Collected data
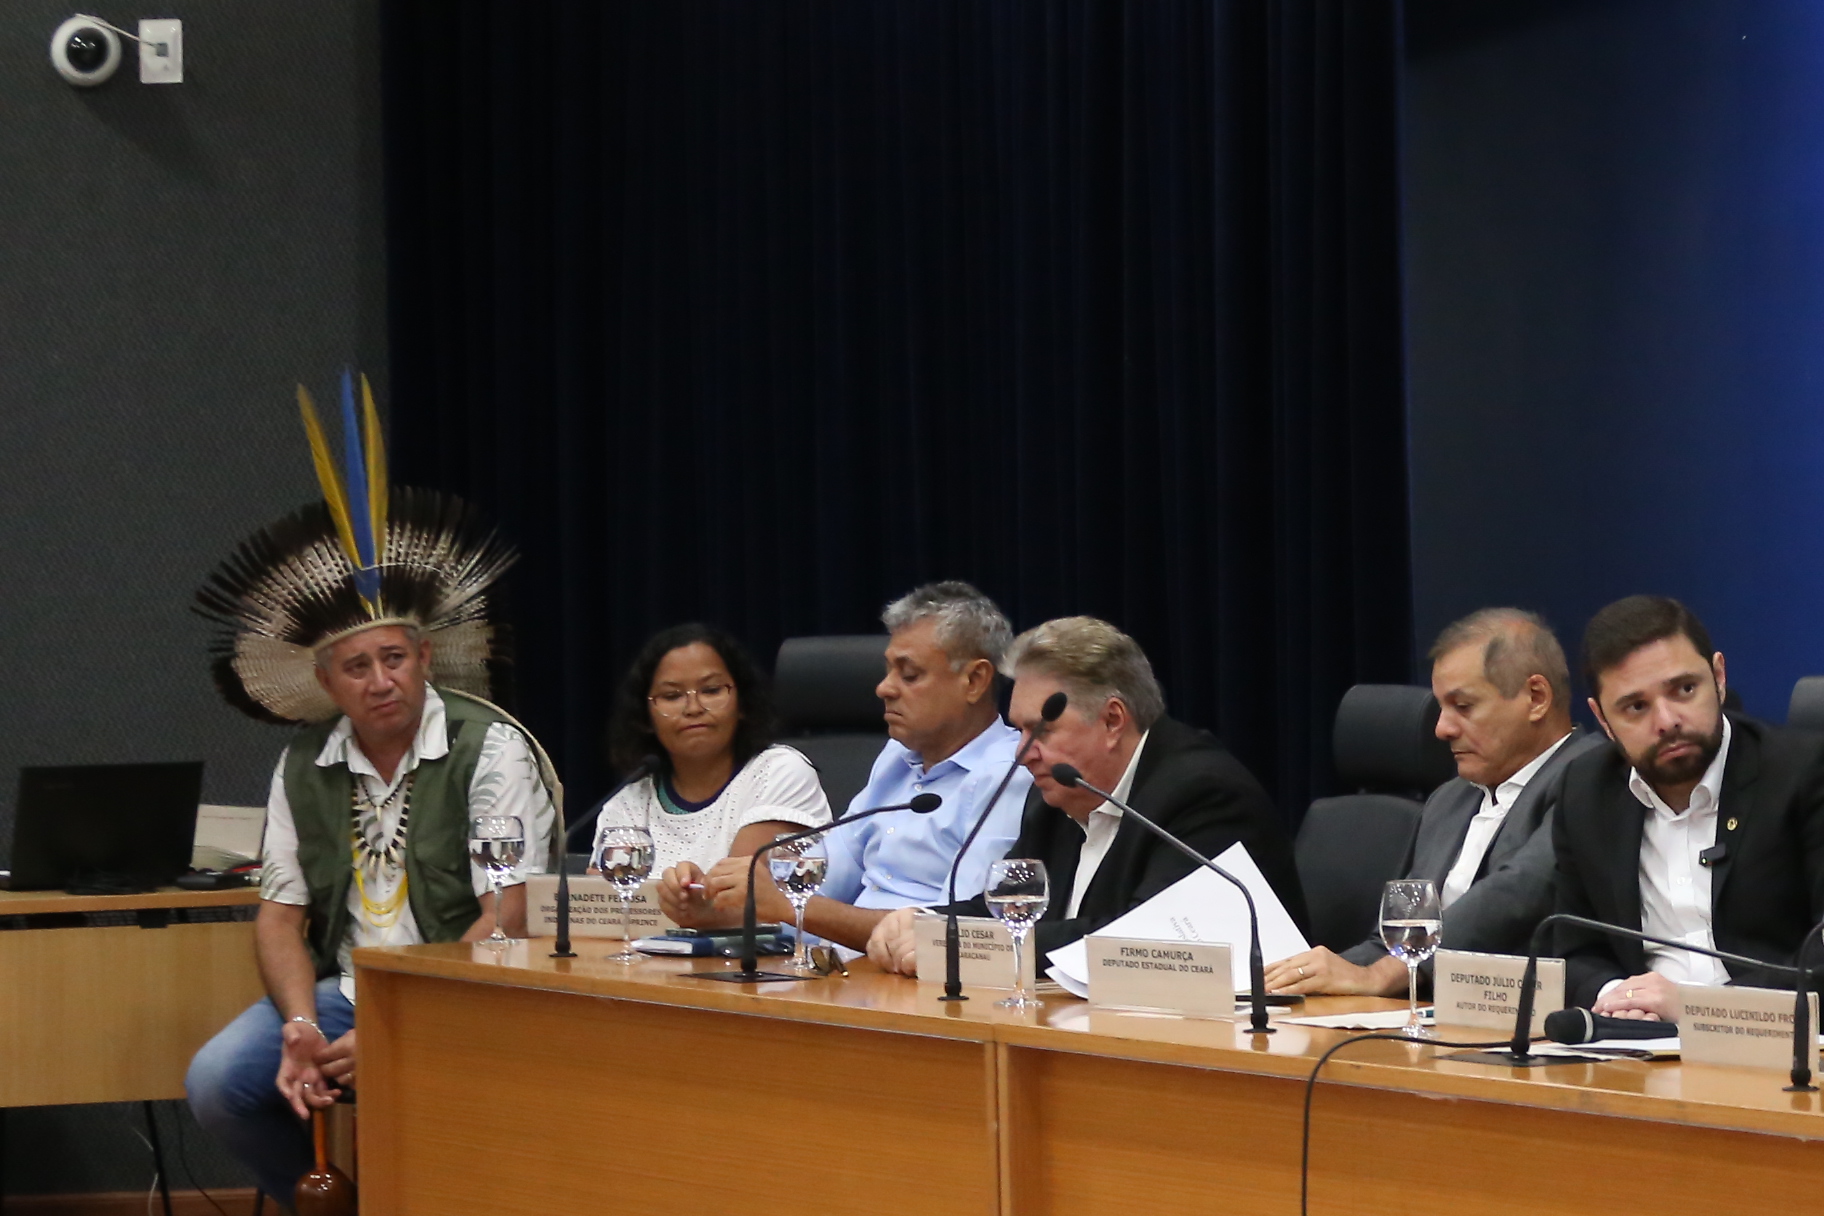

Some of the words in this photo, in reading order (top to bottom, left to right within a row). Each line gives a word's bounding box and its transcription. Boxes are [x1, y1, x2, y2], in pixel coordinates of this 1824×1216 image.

[586, 917, 596, 925] DO
[1120, 947, 1149, 958] FIRMO
[1151, 949, 1194, 962] CAMURÇA
[1102, 959, 1140, 969] DEPUTADO
[1141, 962, 1177, 972] ESTADUAL
[1180, 964, 1189, 973] DO
[1450, 973, 1491, 986] DEPUTADO
[1484, 990, 1507, 1001] FILHO
[1457, 1002, 1476, 1010] AUTOR
[1478, 1004, 1487, 1012] DO
[1685, 1005, 1728, 1018] DEPUTADO
[1730, 1009, 1776, 1022] LUCINILDO
[1693, 1023, 1733, 1034] SUBSCRITOR
[1735, 1026, 1745, 1035] DO
[1747, 1027, 1795, 1038] REQUERIMENT
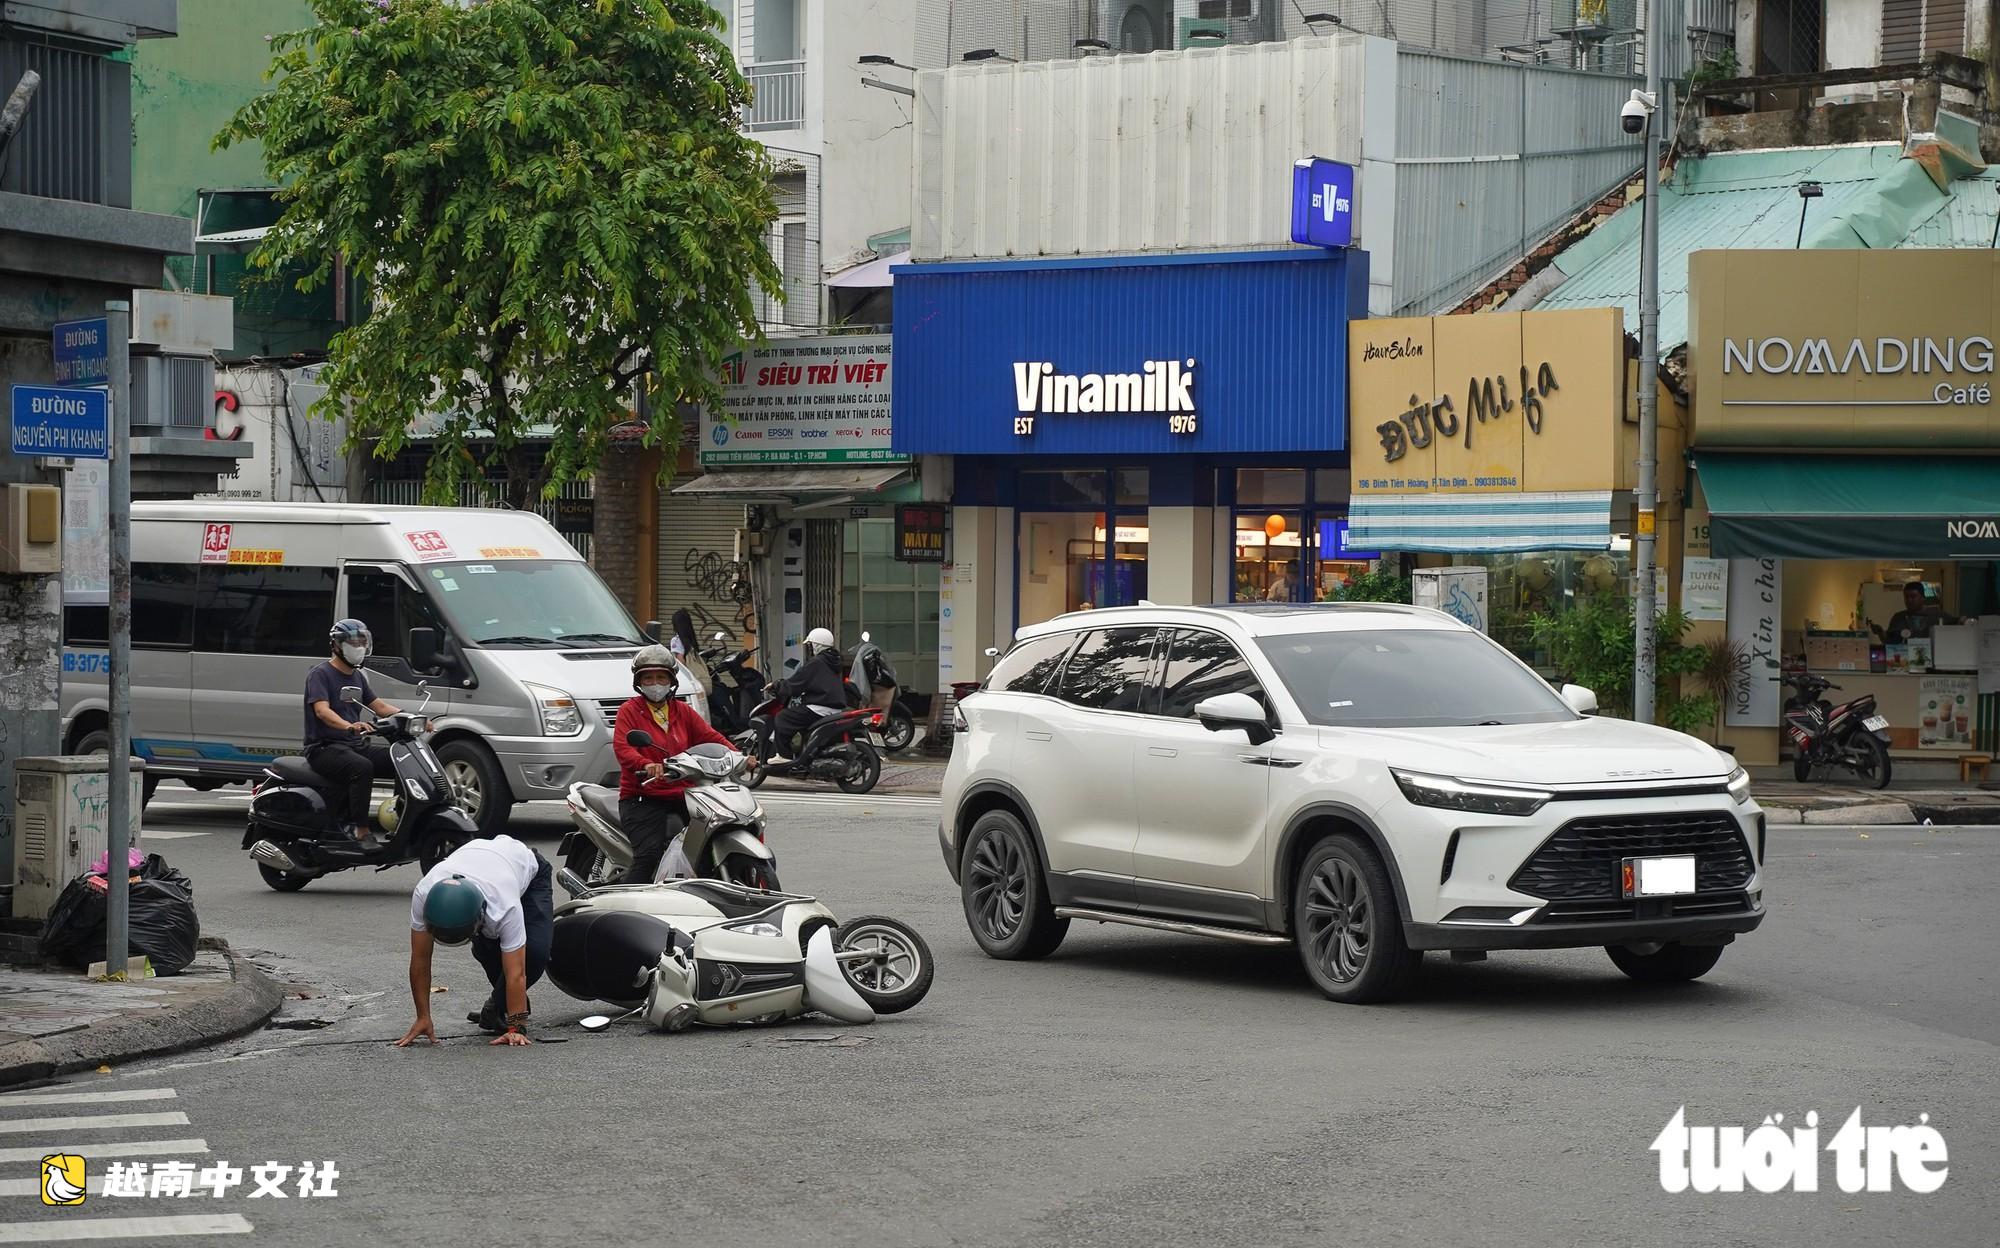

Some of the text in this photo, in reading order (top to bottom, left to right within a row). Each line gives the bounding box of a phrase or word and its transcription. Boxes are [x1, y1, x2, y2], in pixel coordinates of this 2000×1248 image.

[Problem to work on] Each line above should be written out again unchanged; no images are to be carried over.

[Task answer]
Some of the words in this photo, in reading order (top to bottom, left to right within a row). Each line gives a word's bounding box and its transcription. Boxes are [x1, y1, x2, y2], in pixel coordinates of this 1824×1216 image.

[586, 917, 596, 925] DO
[1120, 947, 1149, 958] FIRMO
[1151, 949, 1194, 962] CAMURÇA
[1102, 959, 1140, 969] DEPUTADO
[1141, 962, 1177, 972] ESTADUAL
[1180, 964, 1189, 973] DO
[1450, 973, 1491, 986] DEPUTADO
[1484, 990, 1507, 1001] FILHO
[1457, 1002, 1476, 1010] AUTOR
[1478, 1004, 1487, 1012] DO
[1685, 1005, 1728, 1018] DEPUTADO
[1730, 1009, 1776, 1022] LUCINILDO
[1693, 1023, 1733, 1034] SUBSCRITOR
[1735, 1026, 1745, 1035] DO
[1747, 1027, 1795, 1038] REQUERIMENT

Some of the text in this photo, in reading order (top to bottom, left to right within a row). Each line gives the bounding box of a phrase or word and its transcription. Boxes are [x1, y1, x2, y2], in pixel coordinates of this 2000×1248 image.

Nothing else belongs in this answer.